Toward that vision, I’ve been building ayb, which is a multi-tenant database management system with easy-to-host instances that enable you to quickly register an account, create databases, share them with collaborators, and query them from a web application or the command line. With ayb, all your (data)base can finally belong to you. ayb is open source (Apache 2.0-licensed) and requires a single command to start a server. ayb features:

  • Popular storage formats as an ejection seat. ayb databases are just SQLite files, and ayb relies on SQLite for query processing. SQLite is the most widely used database on the planet, and if you one day decide ayb isn’t for you, you can walk away with your data in a single file. (We’ll support other formats like DuckDB’s after its storage format stabilizes.)
  • Easy registration and database creation. To borrow a tired analogy, an ayb instance is like GitHub for your databases: once you create an account on an ayb instance, you can create databases quickly and easily. Next on the roadmap are features like authentication and permissions so that you can easily share your databases with particular people or make them publicly accessible.

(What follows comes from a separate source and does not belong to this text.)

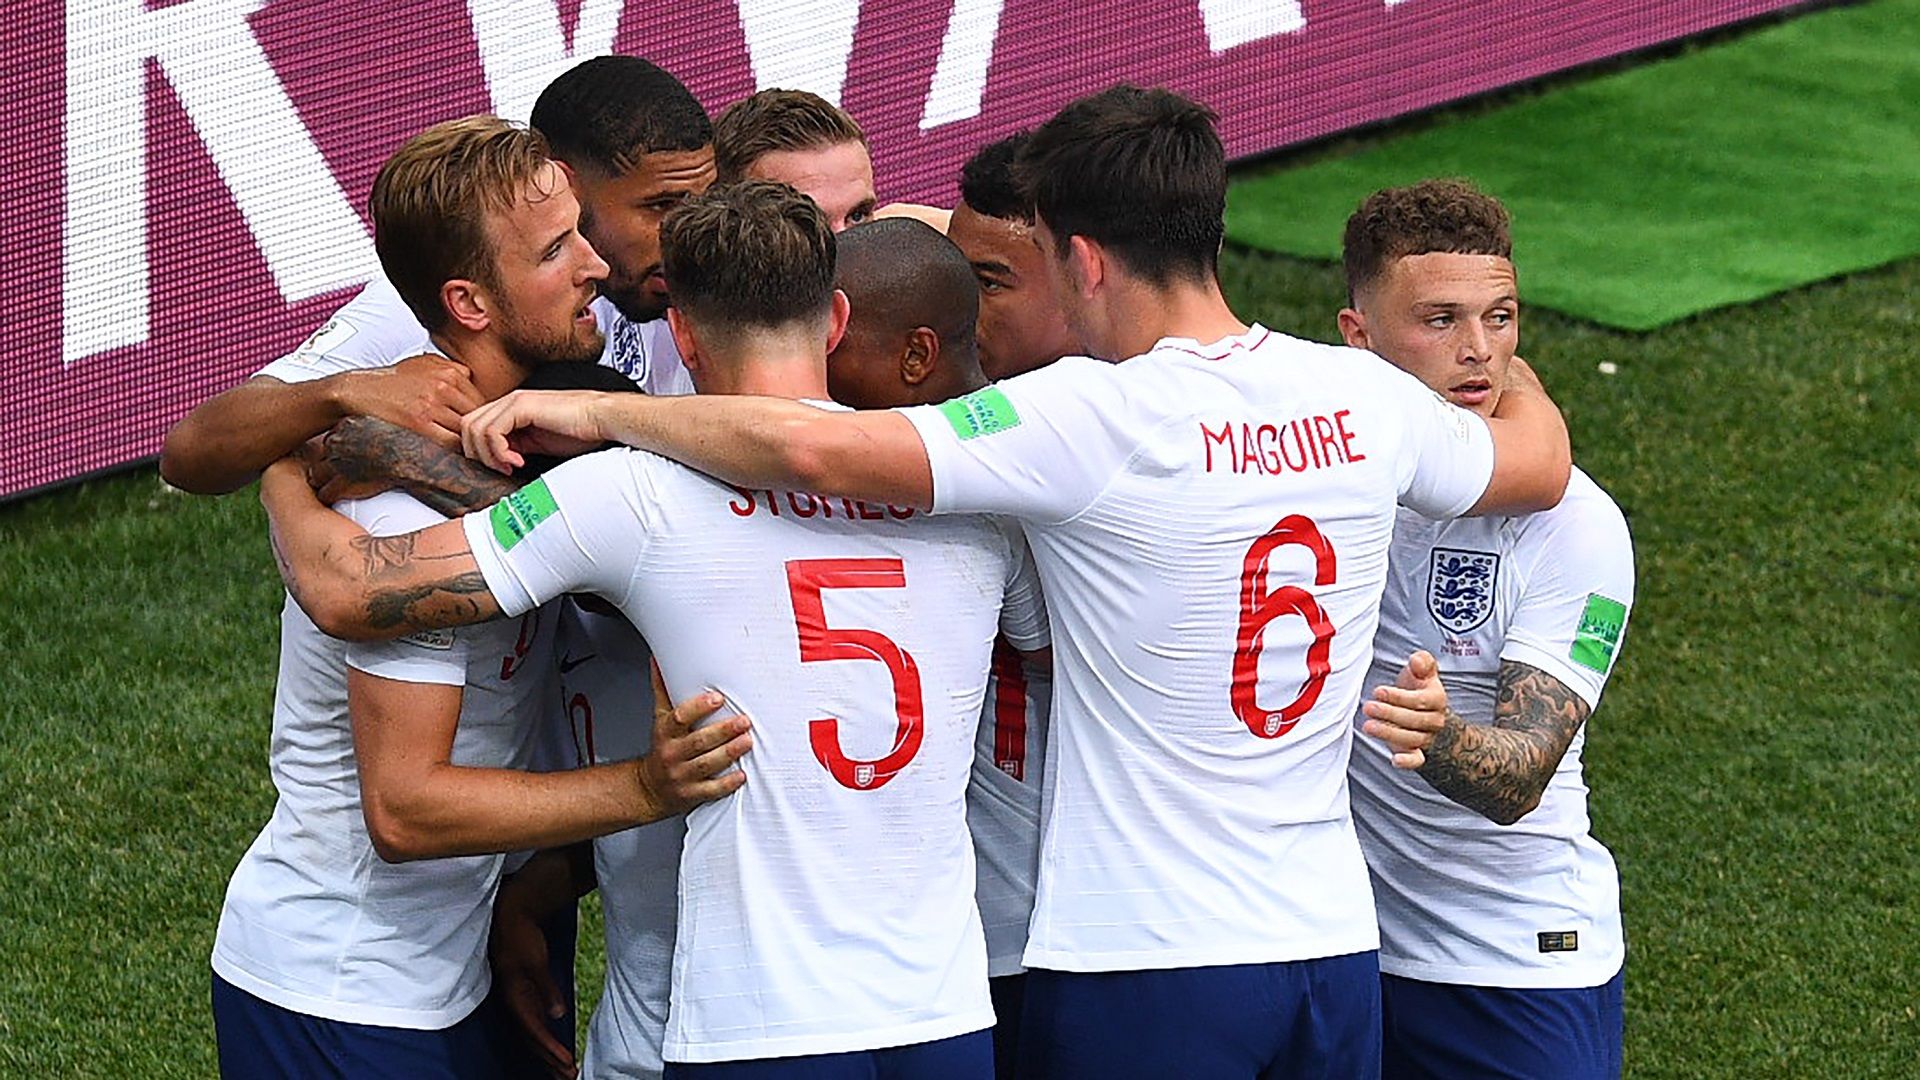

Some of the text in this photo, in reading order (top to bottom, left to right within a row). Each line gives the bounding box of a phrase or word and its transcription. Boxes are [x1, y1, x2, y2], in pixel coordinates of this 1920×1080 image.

[1199, 409, 1366, 476] MAGUIRE
[786, 559, 924, 791] 5
[1230, 514, 1336, 739] 6

  • Multi-tenancy. While ayb is easy to get up and running, you shouldn’t have to be a system administrator to get started. Each ayb instance can serve multiple users’ databases, so that on a team, in a classroom, or in a newsroom, one person can get it running and everyone else can utilize the same instance. Once ayb has authentication and permissions, I’ll plan on running a public ayb instance so people can spin up databases without having to run their own instance. Clustering/distribution is on the roadmap so that eventually, if your instance ever needed to, it could run on multiple nodes.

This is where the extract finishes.